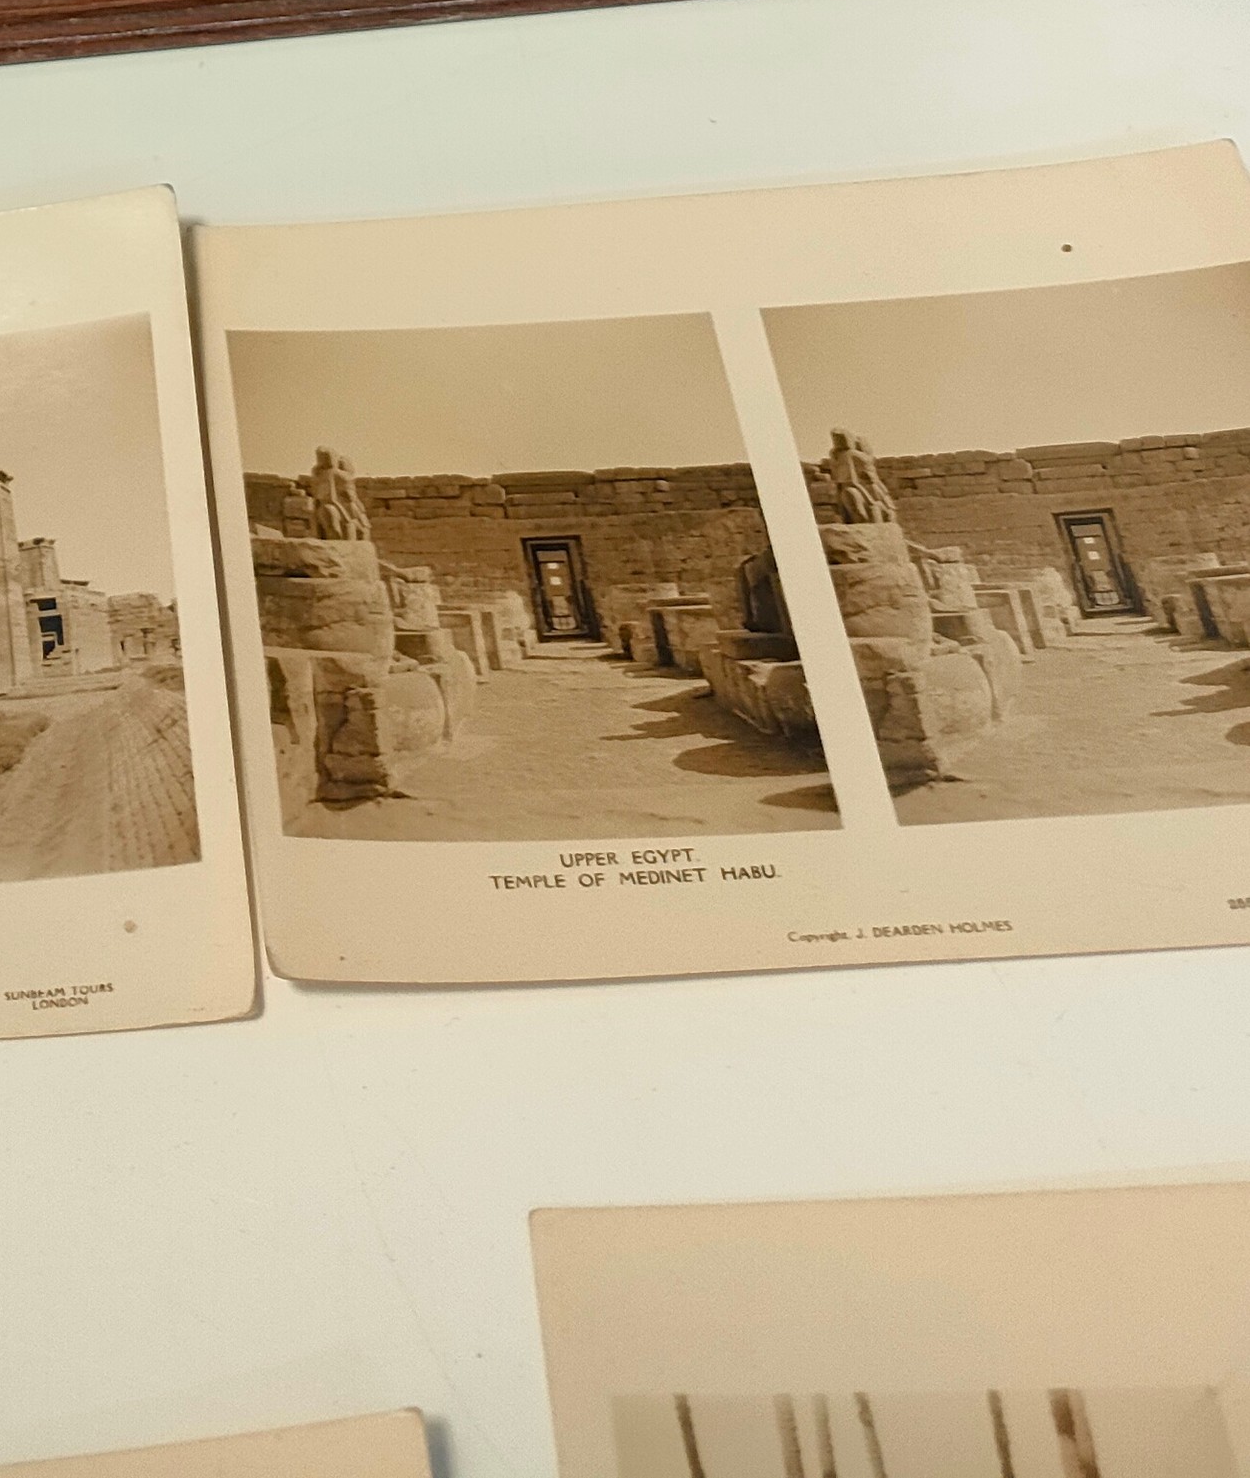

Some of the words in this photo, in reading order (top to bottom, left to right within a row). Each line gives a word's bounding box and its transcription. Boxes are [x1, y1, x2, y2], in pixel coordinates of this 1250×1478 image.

[559, 851, 619, 868] UPPER
[488, 874, 566, 890] TEMPLE
[578, 872, 607, 888] OF
[619, 867, 707, 886] MEDINET
[872, 923, 943, 938] DEARDEN
[948, 920, 1013, 934] HOLMES
[3, 987, 66, 1001] SUNBEAM
[71, 982, 114, 996] TOURS
[32, 997, 89, 1011] LONDON

→ **WORK TO BE COMPLETED**: An exact reproduction of the material is needed, without its images.

→ **ANSWER TO THE PROBLEM**:
Some of the words in this photo, in reading order (top to bottom, left to right within a row). Each line gives a word's bounding box and its transcription. Boxes are [x1, y1, x2, y2], in pixel coordinates of this 1250×1478 image.

[559, 851, 619, 868] UPPER
[488, 874, 566, 890] TEMPLE
[578, 872, 607, 888] OF
[619, 867, 707, 886] MEDINET
[872, 923, 943, 938] DEARDEN
[948, 920, 1013, 934] HOLMES
[3, 987, 66, 1001] SUNBEAM
[71, 982, 114, 996] TOURS
[32, 997, 89, 1011] LONDON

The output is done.